What is GLUT1 deficiency?
Caleb Butler
Updated on April 03, 2026
General Discussion. Summary. Glucose transporter type 1 deficiency syndrome (Glut1DS) is a rare genetic metabolic disorder characterized by deficiency of a protein that is required for glucose (a simple sugar) to cross the blood-brain barrier and other tissue barriers.

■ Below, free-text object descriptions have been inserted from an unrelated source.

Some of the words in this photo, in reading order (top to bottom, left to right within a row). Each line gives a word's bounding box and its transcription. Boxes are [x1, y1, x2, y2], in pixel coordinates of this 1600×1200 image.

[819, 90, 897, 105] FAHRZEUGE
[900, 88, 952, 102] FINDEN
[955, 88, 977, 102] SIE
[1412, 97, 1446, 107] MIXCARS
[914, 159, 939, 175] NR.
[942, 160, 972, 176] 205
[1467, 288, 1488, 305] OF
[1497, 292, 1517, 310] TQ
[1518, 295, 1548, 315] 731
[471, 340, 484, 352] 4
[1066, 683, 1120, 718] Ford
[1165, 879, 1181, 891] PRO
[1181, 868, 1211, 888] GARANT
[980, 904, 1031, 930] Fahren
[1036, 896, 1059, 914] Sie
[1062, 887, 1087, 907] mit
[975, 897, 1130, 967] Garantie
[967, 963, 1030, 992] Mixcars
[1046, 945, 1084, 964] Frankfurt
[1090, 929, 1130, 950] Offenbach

Is GLUT1 deficiency fatal?
Homozygous GLUT1 mutations presumably are lethal. The ketogenic diet is the treatment of choice as it provides an alternative fuel to the brain. It should be introduced early and maintained into puberty. Seizures are effectively controlled with the onset of ketosis, but might recur and require comedication.
Where is GLUT1 found?
The GLUT1 protein is embedded in the outer membrane surrounding cells , where it transports a simple sugar called glucose into cells from the blood or from other cells for use as fuel. In the brain, the GLUT1 protein is involved in moving glucose, which is the brain’s main energy source, across the blood-brain barrier.
What are the 5 glucose transporters?
There are five known Class III glucose facilitative transporters, namely, GLUT6, GLUT8, GLUT10, GLUT12 and GLUT13 (HMIT).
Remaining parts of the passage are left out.